TASK TO COMPLETE >>
A verbatim transcript of the data that follows, free of images, is the expected result.

__________

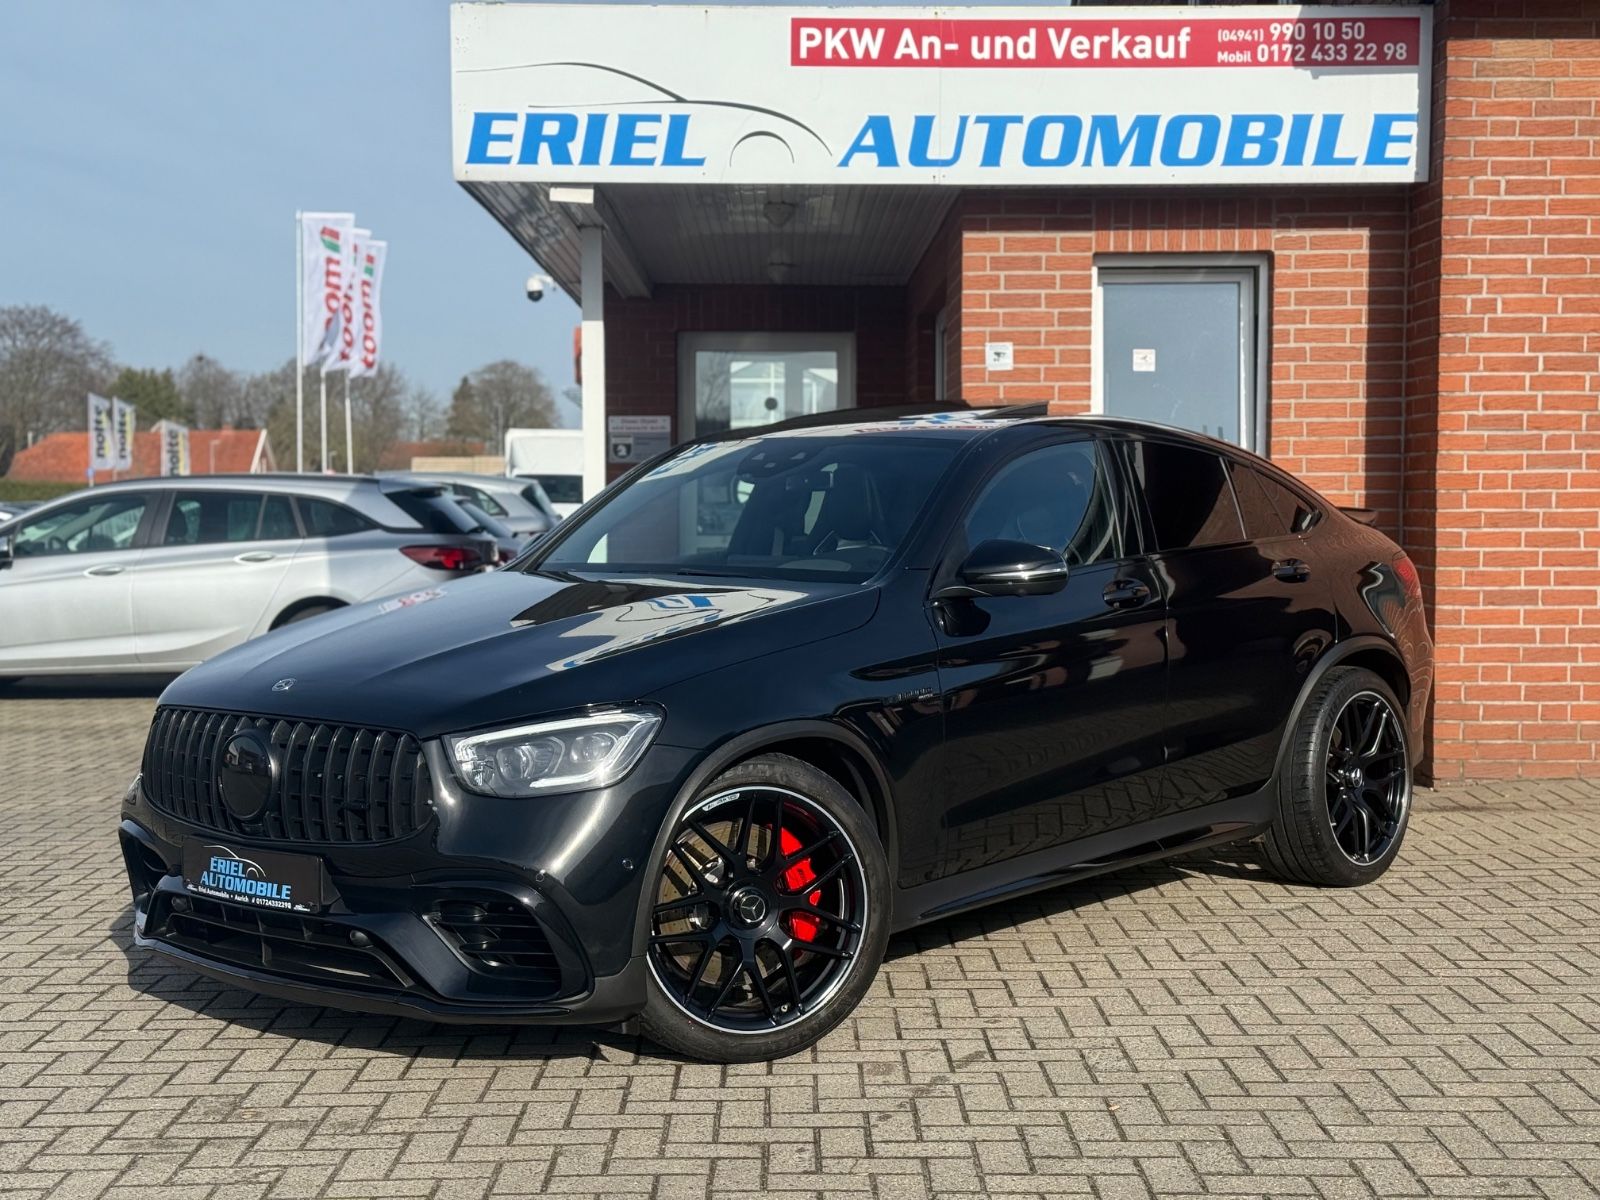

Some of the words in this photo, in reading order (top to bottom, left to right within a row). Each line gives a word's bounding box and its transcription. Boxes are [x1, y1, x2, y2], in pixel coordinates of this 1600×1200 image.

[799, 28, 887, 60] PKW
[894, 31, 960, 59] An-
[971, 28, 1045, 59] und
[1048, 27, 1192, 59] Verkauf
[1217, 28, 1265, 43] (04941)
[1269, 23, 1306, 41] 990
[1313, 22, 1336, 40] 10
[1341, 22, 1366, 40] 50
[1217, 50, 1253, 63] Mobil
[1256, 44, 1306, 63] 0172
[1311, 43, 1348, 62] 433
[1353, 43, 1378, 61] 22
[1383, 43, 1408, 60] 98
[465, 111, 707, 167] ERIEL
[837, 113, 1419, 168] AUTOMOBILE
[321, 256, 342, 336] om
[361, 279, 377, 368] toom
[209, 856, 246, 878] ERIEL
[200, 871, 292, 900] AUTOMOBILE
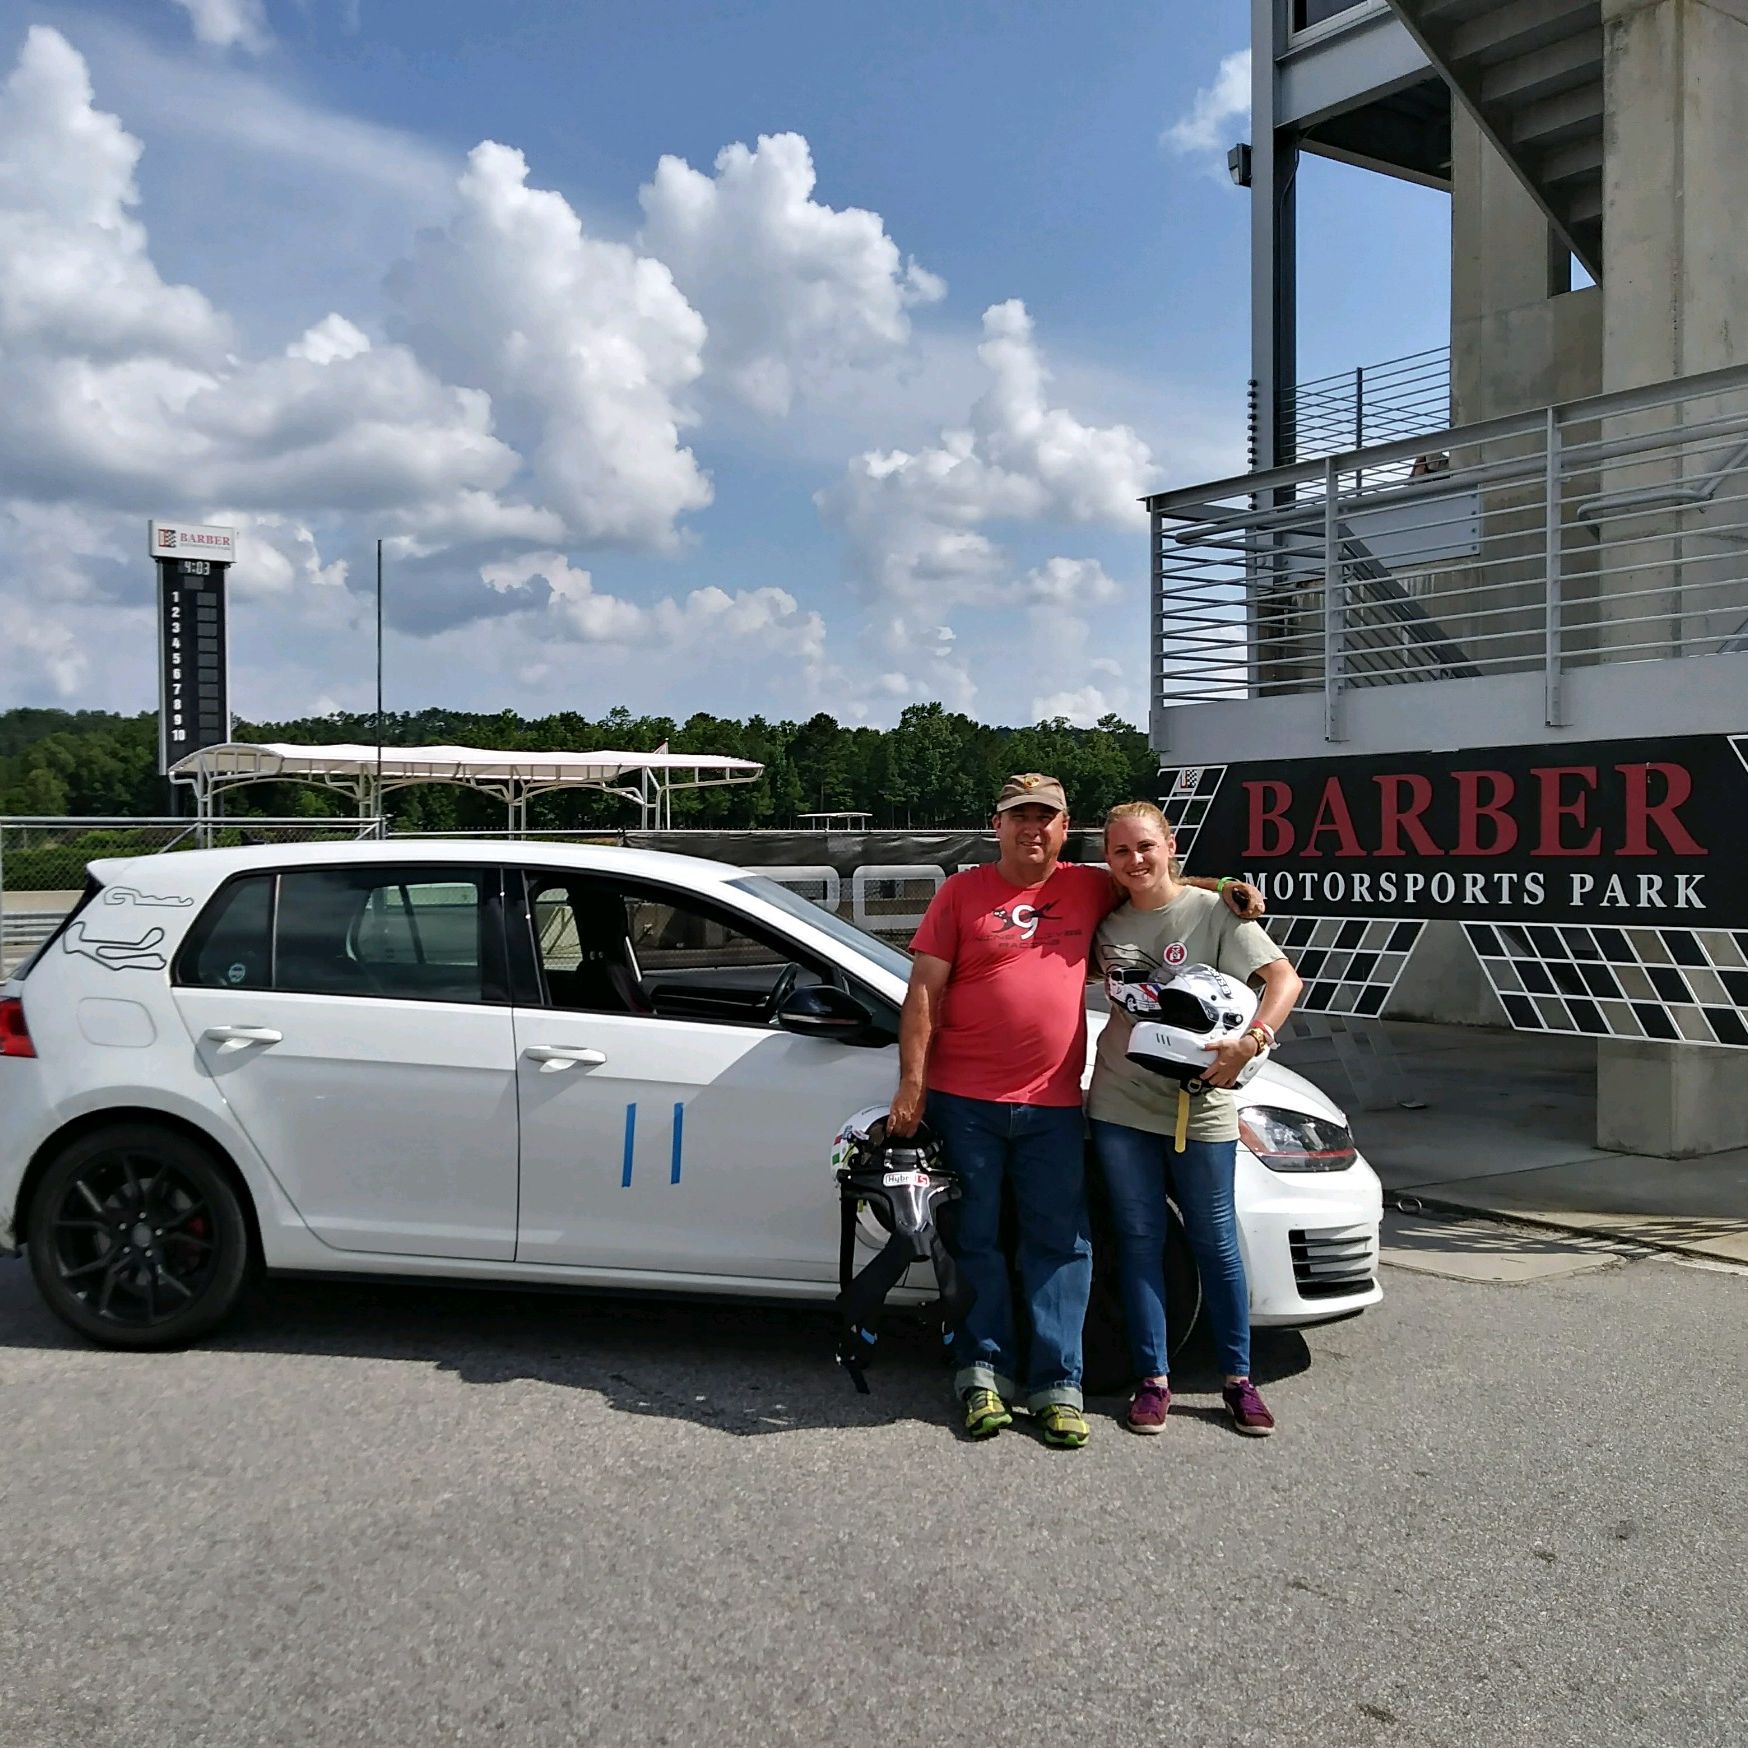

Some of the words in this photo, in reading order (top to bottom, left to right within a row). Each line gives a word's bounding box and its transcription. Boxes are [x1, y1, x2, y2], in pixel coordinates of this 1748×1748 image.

__________

RESPONSE >>
Some of the words in this photo, in reading order (top to bottom, left to right within a row). Each line gives a word's bounding box and its transcription. Boxes are [x1, y1, x2, y2], in pixel coordinates of this 1600×1200 image.

[799, 28, 887, 60] PKW
[894, 31, 960, 59] An-
[971, 28, 1045, 59] und
[1048, 27, 1192, 59] Verkauf
[1217, 28, 1265, 43] (04941)
[1269, 23, 1306, 41] 990
[1313, 22, 1336, 40] 10
[1341, 22, 1366, 40] 50
[1217, 50, 1253, 63] Mobil
[1256, 44, 1306, 63] 0172
[1311, 43, 1348, 62] 433
[1353, 43, 1378, 61] 22
[1383, 43, 1408, 60] 98
[465, 111, 707, 167] ERIEL
[837, 113, 1419, 168] AUTOMOBILE
[321, 256, 342, 336] om
[361, 279, 377, 368] toom
[209, 856, 246, 878] ERIEL
[200, 871, 292, 900] AUTOMOBILE

Some of the words in this photo, in reading order (top to bottom, left to right within a row). Each line gives a word's bounding box and its transcription. Boxes are [x1, y1, x2, y2], in pixel coordinates of this 1748×1748 image.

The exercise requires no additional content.